Par conséquent, le CD&V soulignera qu'il a fait preuve de responsabilité en entrant dans le gouvernement fédéral alors que la N-VA expliquera qu'elle a assumé ses responsabilités en ne participant pas au gouvernement fédéral.

Vous écrivez: "Bart De Wever a appris à parler comme un chrétien-démocrate. Que voulez-vous dire par là?

Walter Pauli: Si on lit ses livres, qu'on analyse ses interventions de bourgmestre et qu'on adoucit son côté provocateur, on voit un homme politique dont le message va droit au coeur du public chrétien-démocrate : sa guerre contre la drogue à Anvers et son opposition au plan de réforme du ministre de l'Enseignement flamand Pascal Smet (sp.a).

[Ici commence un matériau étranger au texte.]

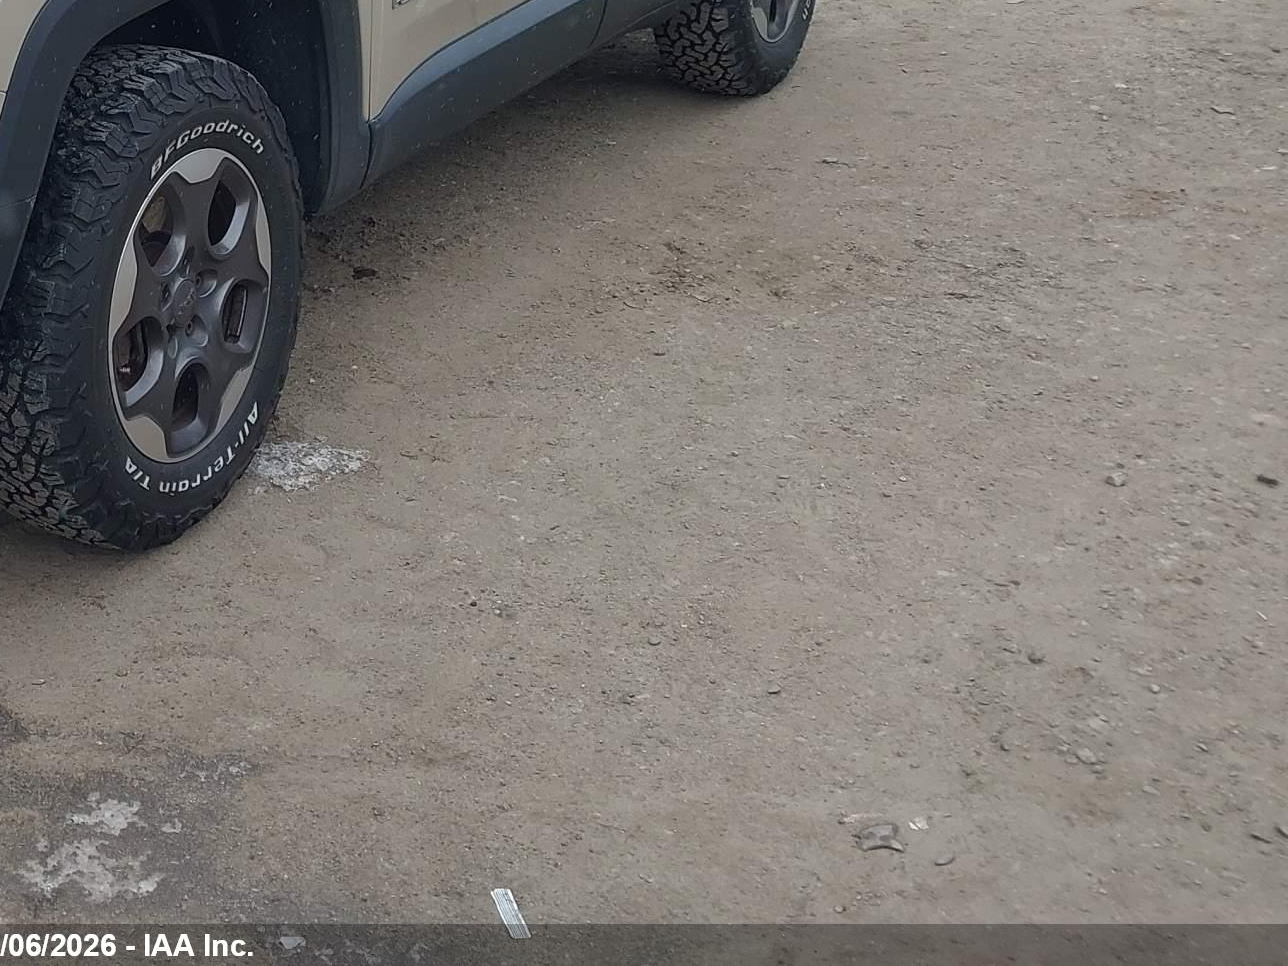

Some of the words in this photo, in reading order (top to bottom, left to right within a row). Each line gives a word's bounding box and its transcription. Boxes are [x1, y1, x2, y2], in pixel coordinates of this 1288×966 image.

[150, 119, 265, 180] BFGoodrich
[124, 455, 152, 491] T/A
[158, 400, 259, 497] All-Terrain

L'exercice de calcul n'est pas difficile. Si Bart De Wever s'était limité à un discours purement flamingant, avec la séparation de la Belgique comme premier point de programme, de préférence à réaliser avant les vacances de Noël de 2014, il n'aurait jamais obtenu entre 30 pour cent (au Sénat en 2010) et 40 pour cent (Anvers 2012) des voix. Ce n'est possible qu'en tenant un discours large. Lisez ses interviews, ses livres, ses billets d'humeur : il a une opinion sur tout et en plus, toutes ces opinions s'intègrent dans une vision du monde cohérente.

Plus que jamais, les élections de 2014 seront caractérisées par une lutte entre les ténors de partis. Pourquoi aucun parti ne propose-t-il de candidat au poste de premier ministre ?

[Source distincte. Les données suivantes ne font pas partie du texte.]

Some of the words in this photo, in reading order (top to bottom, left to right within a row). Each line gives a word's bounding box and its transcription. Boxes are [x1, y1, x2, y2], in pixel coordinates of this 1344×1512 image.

Walter Pauli: Parce que les deux ténors des deux plus grands partis présentent un profil flamand prononcé: Bart De Wever et Kris Peeters. C'est pourquoi Bart De Wever a annoncé qu'il sortirait un lapin blanc (ou un lionceau blanc ?) au bon moment comme candidat N-VA. On murmure qu'il pourrait s'agir du directeur d'Unizo Karel Van Eetvelt même si ce dernier nie formellement. Kris Peeters déclare vouloir rester ministre-président. Comprenez : si son parti se retrouvait en position de fournir le premier ministre, il faudrait le lui demander. Lui est "demandeur de rien". Il pourra alors poser ses exigences, et commencer la campagne avec un profil purement flamand. Entre-temps, Koen Geens, travaille également activement à son image.

Il paraît que Bart De Wever rêve d'une coalition entre la N-VA et le CD&V sans libéraux ou socialistes. Serait-ce possible ?

Cela dépend des élections: qu'est-ce qui est possible du point de vue mathématique? C'est de toute façon un modèle limité à la Flandre parce que si la N-VA entrait dans un gouvernement fédéral, le cdH comme seul partenaire est bien évidemment hors de question. Il faudrait au moins y ajouter le MR. Mais ces coalitions dépendent des élections. Pour l'instant, il est donc difficile de faire un pronostic sensé.